Today, Perú celebrates the National Day of Peruvian Coffee, and its has much to celebrate indeed.
Though its coffee struggles with the feared roya fungus and with climate change, nonetheless, Peruvian coffee producers, middle men, and baristas, along with local, regional, and national governments have been working to improve the quality of the coffee. Instead of having a model solely of mass sale going into mass production of mediocre coffee, Perú is increasingly casting its fate as a provider of organic coffee, single origin coffee, producer labels, and estate coffees.
Currently the country is the eighth largest exporter of coffee in the world and its coffee is increasingly known for its quality and
floral characteristics. The coffee is obtaining more and more recognition in international competitions. About half of the country’s coffee is exported to Europe.
One goal of the day is to promote coffee consumption within Perú, especially of Peruvian coffee. While Peruvians have been increasingly relying on instant coffee, with this day their is a push to buy local, to try fresh roasted and fresh ground, either at home or in one of the number of fine coffee shops that are springing up in the country’s cities.
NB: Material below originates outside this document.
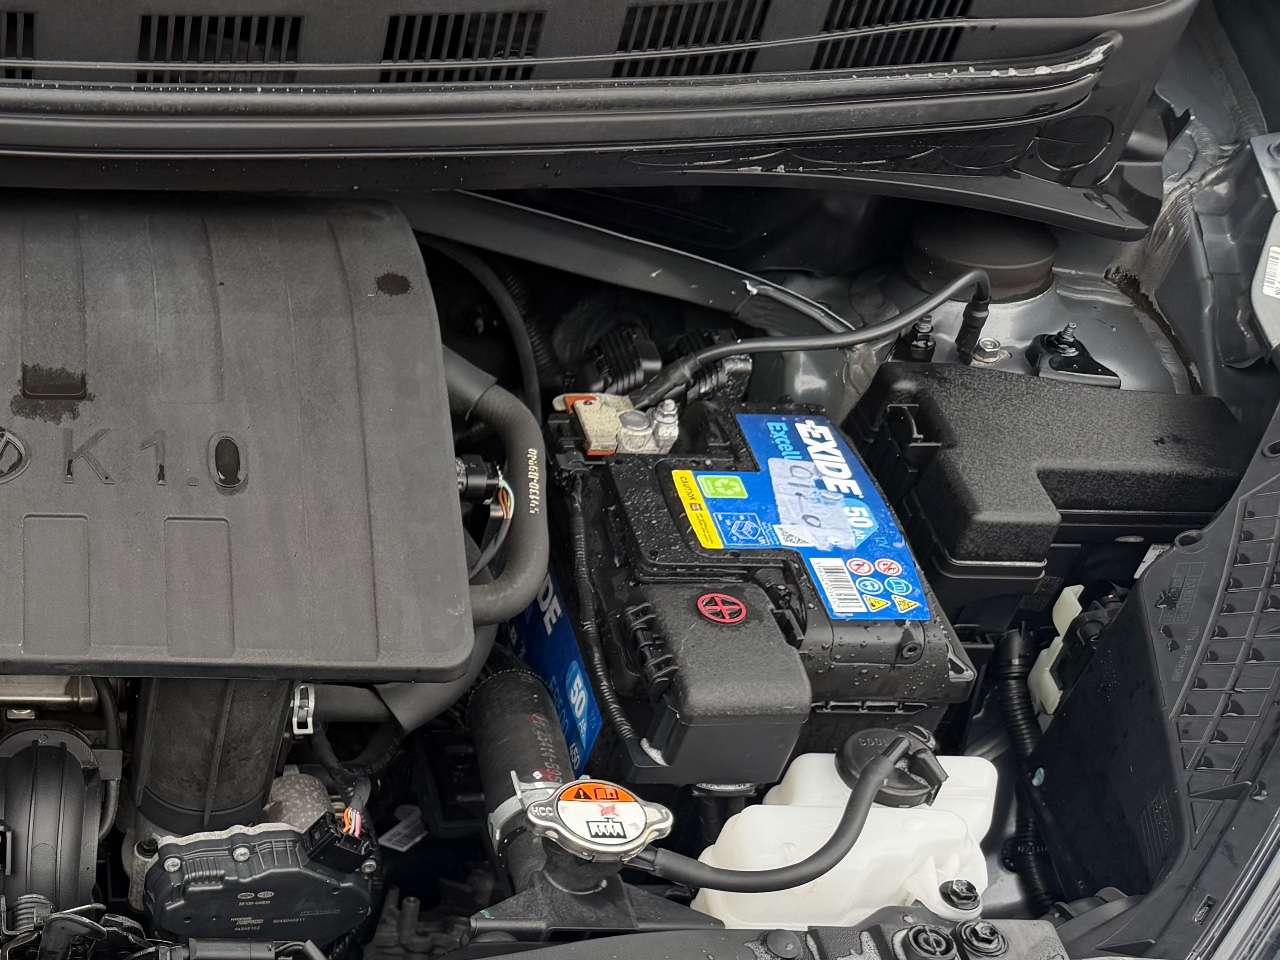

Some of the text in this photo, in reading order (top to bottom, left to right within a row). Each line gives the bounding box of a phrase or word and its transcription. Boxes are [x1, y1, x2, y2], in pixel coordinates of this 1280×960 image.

One of these is Café D’wasi, Espaderos Street 160 in Cusco, run by coffee producer and entrepreneur Jhon Carrasco Cardenas. Here you can have one of the finest cups of coffee in a city that, thanks to the work of people like Carrasco, the owners of the Coffee Museum, and it tireless promoters of coffee, the Three Monkeys recognized this year in the country’s leading daily, El Comercio, the quality of coffee in Cusco’s restaurants, cafés and coffee houses is on the rise.
To honor the day, the giant of Coffee, Starbucks, is offering free coffee to customers that bring their own cups. Other events are planned throughout the country.